Massive power outages in India has affected more than half of the population.
From the Bloomberg, (bold highlights mine)
India’s electricity grid collapsed for the second time in as many days, cutting off more than half the country’s 1.2 billion population in the nation’s worst power crisis on record.
Commuter trains in the capital stopped running, forcing the operator, Delhi Metro Rail Corp., to evacuate passengers, spokesman Anuj Dayal said. NTPC Ltd. (NTPC), the biggest generator, shut down 36 percent of its capacity as a precaution, Chairman Arup Roy Choudhury said by telephone. More than 100 inter-city trains were stranded, Northern Railway spokesman Neeraj Sharma said, as the blackout engulfed states in the north and east.
So what went wrong?
From the same article…
State-owned Power Grid Corp. of India Ltd., which operates the world’s largest transmission networks, manages power lines including in the northern and eastern regions. NTPC and billionaire Anil Ambani-controlled Reliance Power Ltd. (RPWR) operate power stations in north India that feed electricity into the national grid. The northern and eastern grids together account for about 40 percent of India’s total electricity generating capacity, according to the Central Electricity Authority.
The grids in the east, north, west and the northeast are interconnected, making them vulnerable, said Jayant Deo, managing director of the Indian Energy Exchange Ltd. The outage has also spread to seven additional states in the northeast, NDTV television channel reported.
“Without a definitive plan by the government to gradually bring the grids back online, this problem could absolutely get worse,” Deo said.
Singh is seeking to secure $400 billion of investment in the power industry in the next five years as he targets an additional 76,000 megawatts in generation by 2017. India has missed every annual target to add electricity production capacity since 1951.
Well in reality, the root of the problem hasn’t been about ‘definite plans’ by the Indian government, but rather largely due to India’s statist political economy.
Again from the same article…
Improving infrastructure, which the World Economic Forum says is a major obstacle to doing business in India, is among the toughest challenges facing Singh as he bids to revive expansion in Asia’s third-largest economy that slid to a nine- year low of 5.3 percent in the first quarter.
Tussles over policy making with allies in the ruling coalition, corruption allegations and defeats in regional elections have weakened Singh’s government since late 2010.
Must I forget, artificial electricity demand has partly been boosted by India’s central bank, the Reserve Bank of India (RBI), who passes the blame on others.
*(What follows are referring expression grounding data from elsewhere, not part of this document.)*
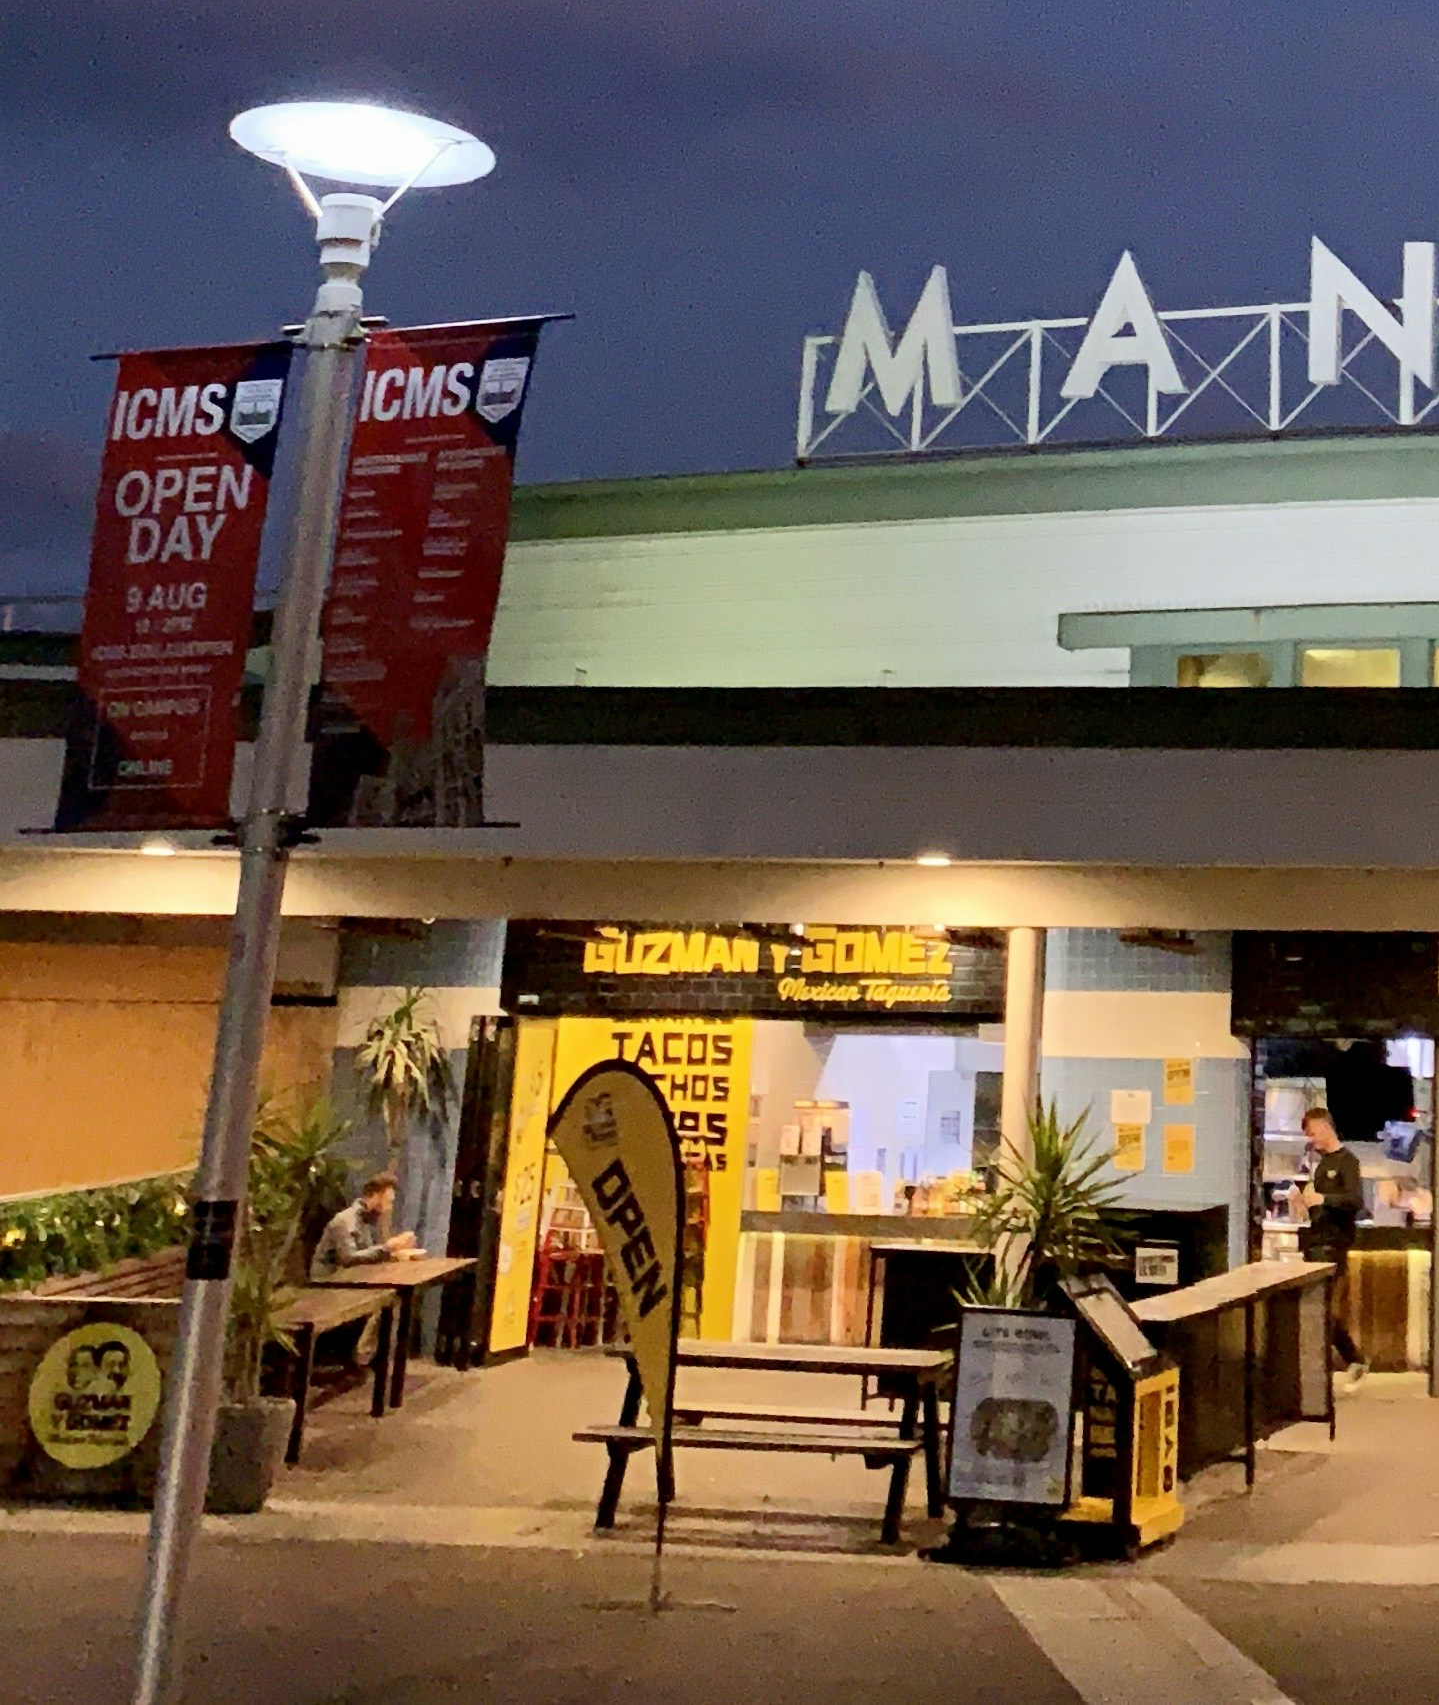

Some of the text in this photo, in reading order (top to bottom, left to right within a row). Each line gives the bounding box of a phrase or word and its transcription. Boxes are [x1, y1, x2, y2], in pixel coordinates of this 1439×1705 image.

[111, 383, 227, 440] ICMS
[358, 362, 475, 422] ICMS
[115, 464, 254, 516] OPEN
[127, 514, 228, 564] DAY
[126, 582, 207, 613] 9 AUG
[583, 927, 760, 975] GUZMAN
[802, 927, 953, 975] GOMEZ
[778, 977, 953, 1009] Mexican Taqueria
[612, 1031, 734, 1067] TACOS
[592, 1158, 667, 1318] OPEN
Again from the same article
The Reserve Bank of India, which has blamed infrastructure bottlenecks among others for contributing to the nation’s price pressures, today refrained from cutting interest rates even as growth in the $1.8 trillion economy cooled to a nine-year low in the first quarter.
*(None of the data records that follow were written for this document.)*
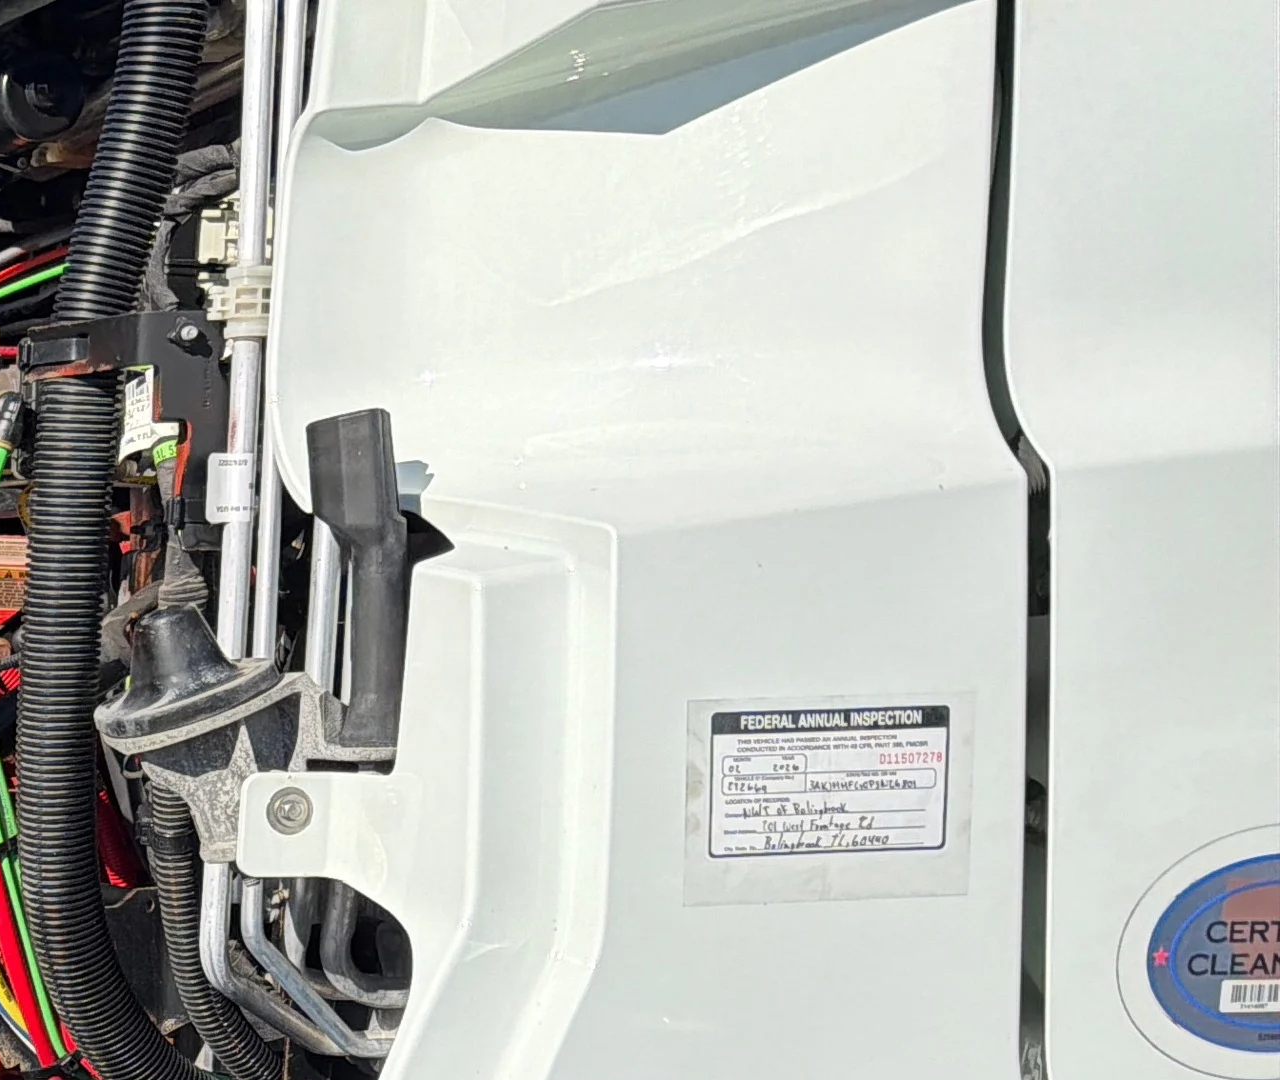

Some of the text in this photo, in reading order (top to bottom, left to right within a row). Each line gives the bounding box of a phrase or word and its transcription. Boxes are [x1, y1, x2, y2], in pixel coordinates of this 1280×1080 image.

[740, 709, 922, 730] FEDERAL ANNUAL INSPECTION
[879, 752, 942, 765] D11507278
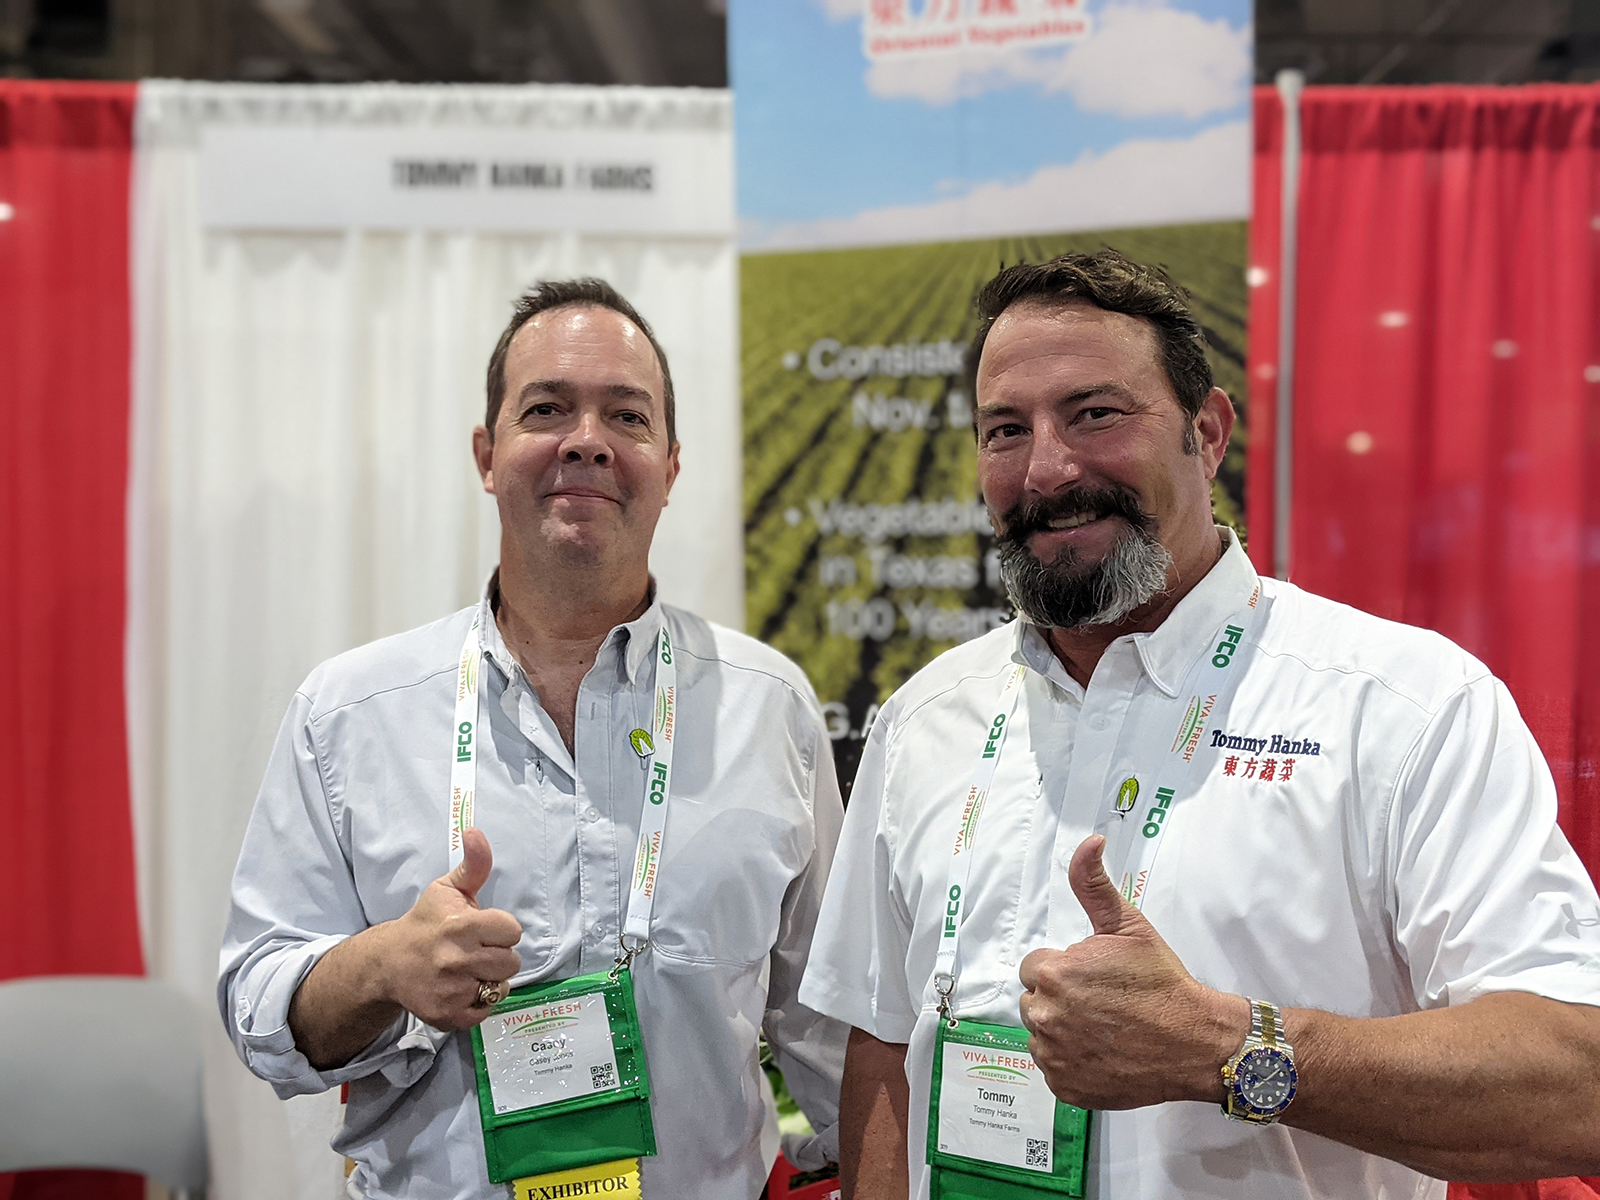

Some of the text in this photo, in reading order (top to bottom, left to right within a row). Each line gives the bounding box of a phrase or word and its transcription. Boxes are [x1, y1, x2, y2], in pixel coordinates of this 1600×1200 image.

[866, 547, 980, 590] Texas
[826, 598, 897, 642] 100
[661, 626, 673, 665] IFCO
[1212, 624, 1244, 669] IFCO
[664, 686, 674, 741] VIVA FRESH
[1199, 694, 1218, 719] VIVA
[456, 721, 473, 763] IFCO
[982, 713, 1006, 758] IFCO
[1182, 726, 1204, 762] FRESH
[1210, 729, 1321, 756] Tommy Hanka
[649, 761, 668, 805] IFCO
[452, 786, 462, 851] VIVA FRESH
[953, 828, 965, 856] VIVA
[962, 786, 978, 820] FRESH
[1142, 786, 1176, 839] IFCO
[644, 830, 662, 899] VIVA FRESH
[1132, 870, 1148, 898] VIVA
[944, 884, 961, 938] IFCO
[503, 1002, 582, 1027] VIVA FRESH
[962, 1051, 1036, 1071] VIVA FRESH
[973, 1105, 1017, 1119] Tommy Hanka
[977, 1088, 1015, 1106] Tommy
[969, 1117, 987, 1128] Tommy
[987, 1121, 1004, 1130] Hanka
[527, 1176, 629, 1200] EXHIBITOR
Indian consumer-price inflation was 10.02 percent in June, the fastest among the Group of 20 major economies, while the benchmark wholesale-price measure is more than 7 percent.
The last time the northern grid collapsed was in 2001, leaving homes and businesses without electricity for 12 hours. The Confederation of Indian Industry, the country’s largest association of companies, estimated that blackout cost companies $107.5 million.
Chart above from global-rates.com and tradingeconomics.com
India’s bubble ‘easy money’ (upper window) policies in 2009-2010 fueled a stock market recovery (below window) in 2010.
On the other hand, the then negative interest rate regime also stoked local inflation (pane below policy interest rates).
This has prompted the Reserve Bank of India to repeatedly raise policy rates or tightened monetary policy. The result has been to put a brake on India’s economy and the stock market rebound.
Part of the Indian government’s attack on her twin deficits, which has been blamed for inflation through the decline of the currency, the rupee, has been to turn the heat on gold imports and bank gold sales.
Aside from demand from the monetary policies, electricity subsidies has also been a culprit. Farmers have been provided with subsidized electricity. Such subsidy has not only increased demand for power but also put pressure on water supplies.
Environmentalists would likely cheer this development as ‘Earth Hour’ environment conservation.
Yet India’s widespread blackouts are evidences and symptoms of government failure.
Rampant rolling blackouts extrapolate to severe economic dislocations which not only to means inconveniences but importantly prolonged economic hardship.